## INPUT FOR THIS TASK
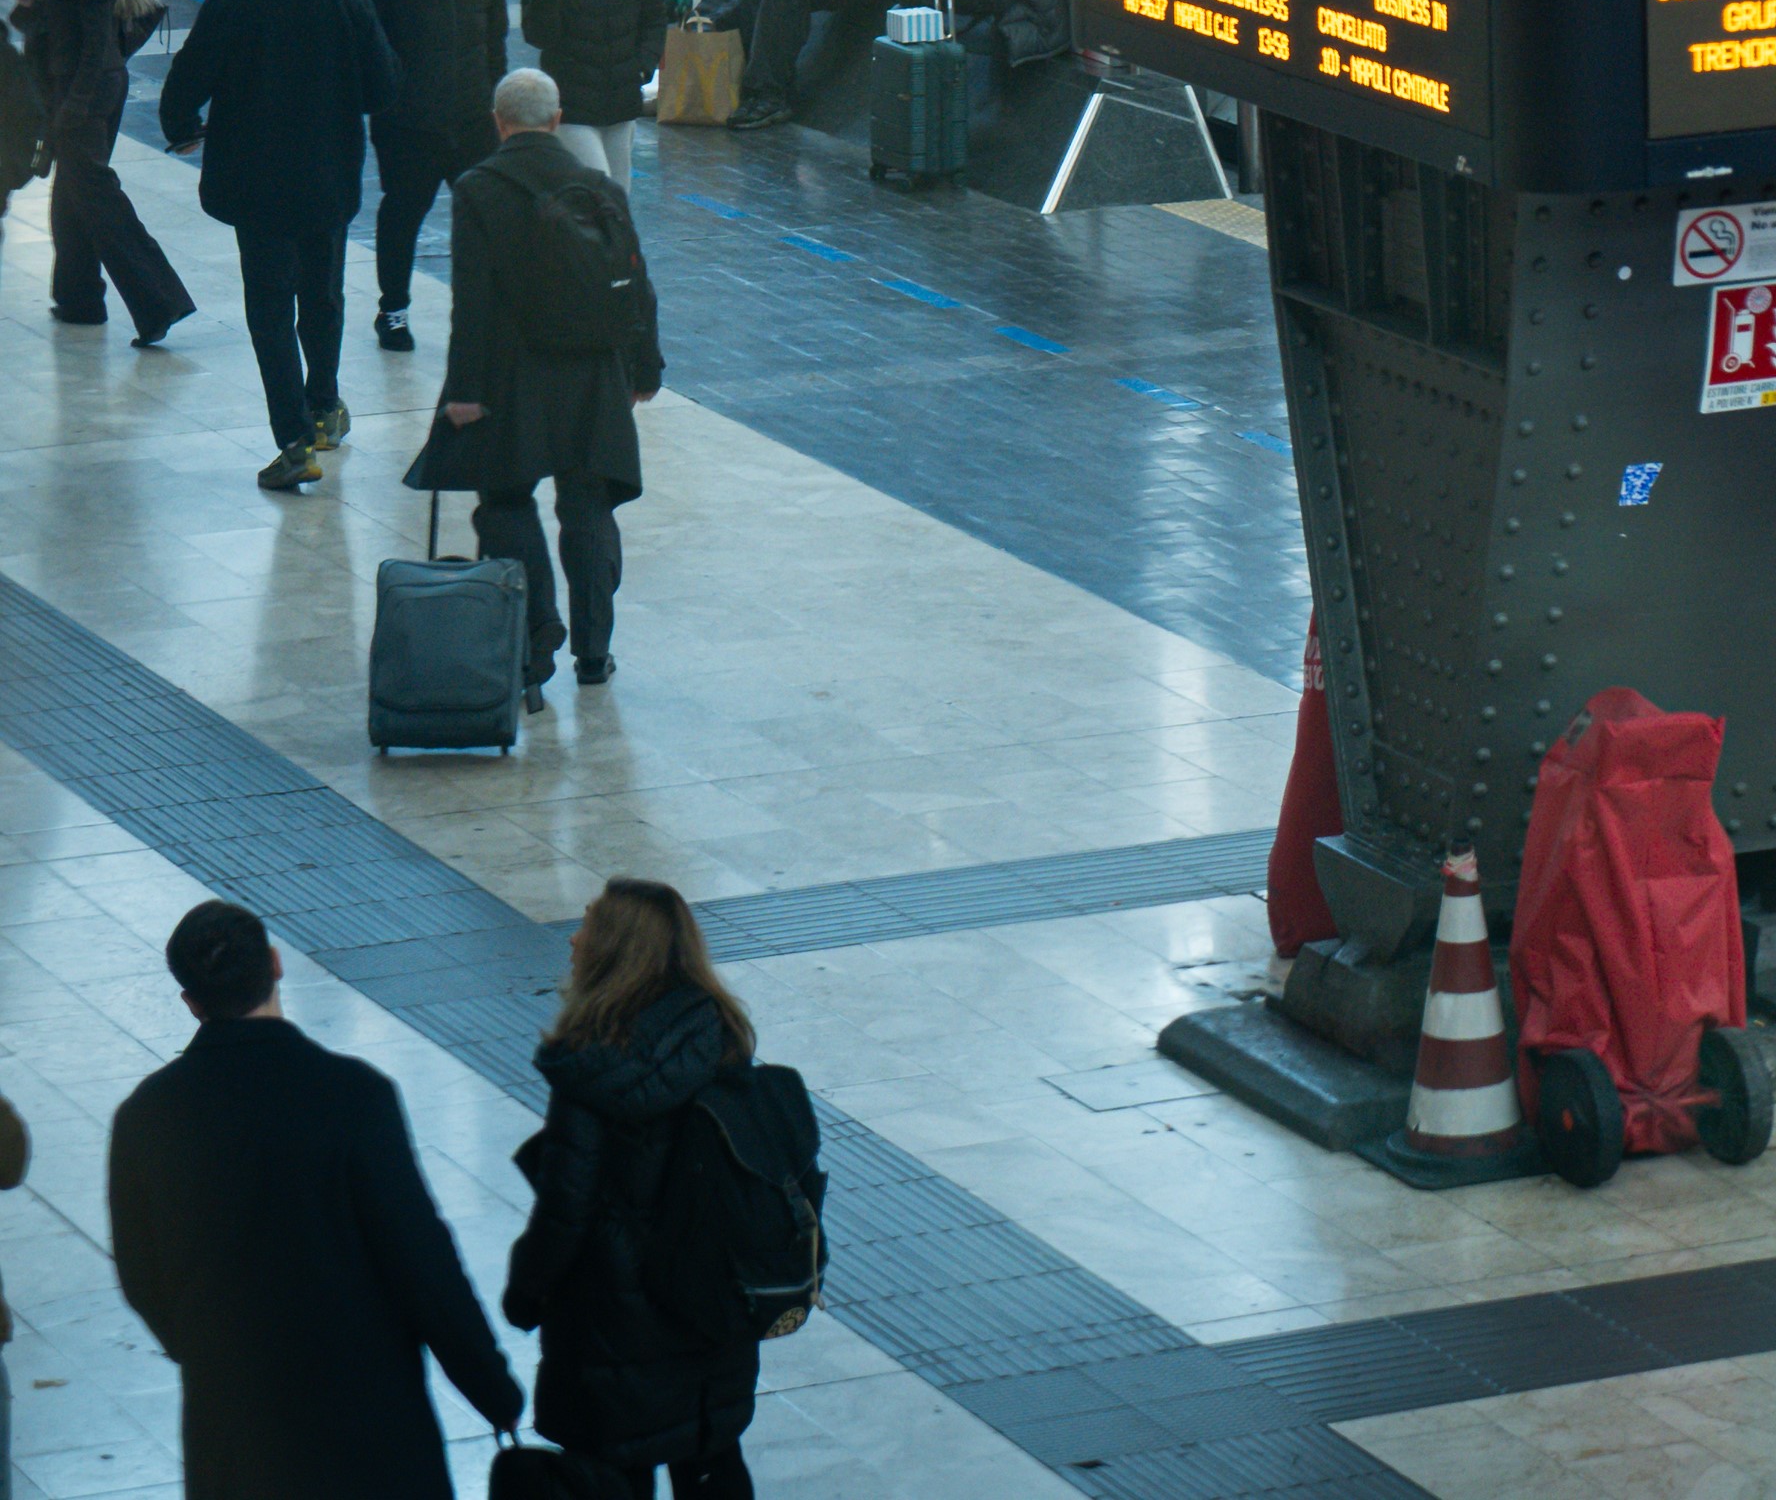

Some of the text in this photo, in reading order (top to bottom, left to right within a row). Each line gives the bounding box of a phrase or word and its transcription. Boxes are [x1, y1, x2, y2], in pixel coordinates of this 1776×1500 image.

[1317, 6, 1387, 53] CANCELLATO
[1431, 0, 1448, 31] IN
[1174, 0, 1449, 113] NAPOLI NAPOLI CENTRALE
[1751, 221, 1768, 230] No
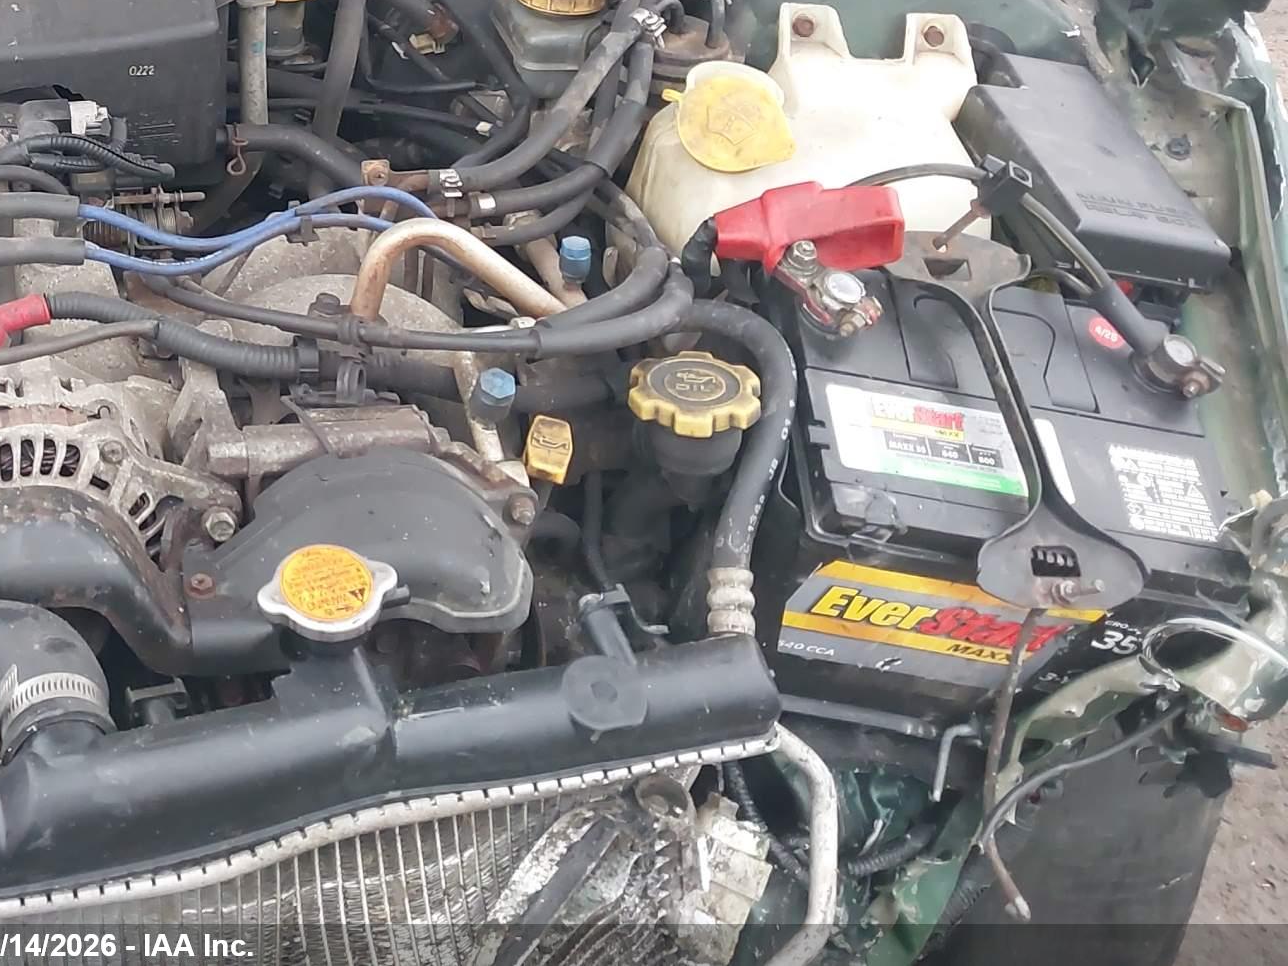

## WHAT YOU ARE ASKED TO DO
Print the records above verbatim, minus any pictures.

## SOLUTION
Some of the text in this photo, in reading order (top to bottom, left to right within a row). Each line gives the bounding box of a phrase or word and its transcription. Boxes are [x1, y1, x2, y2], in pixel coordinates of this 1776×1500 image.

[1317, 6, 1387, 53] CANCELLATO
[1431, 0, 1448, 31] IN
[1174, 0, 1449, 113] NAPOLI NAPOLI CENTRALE
[1751, 221, 1768, 230] No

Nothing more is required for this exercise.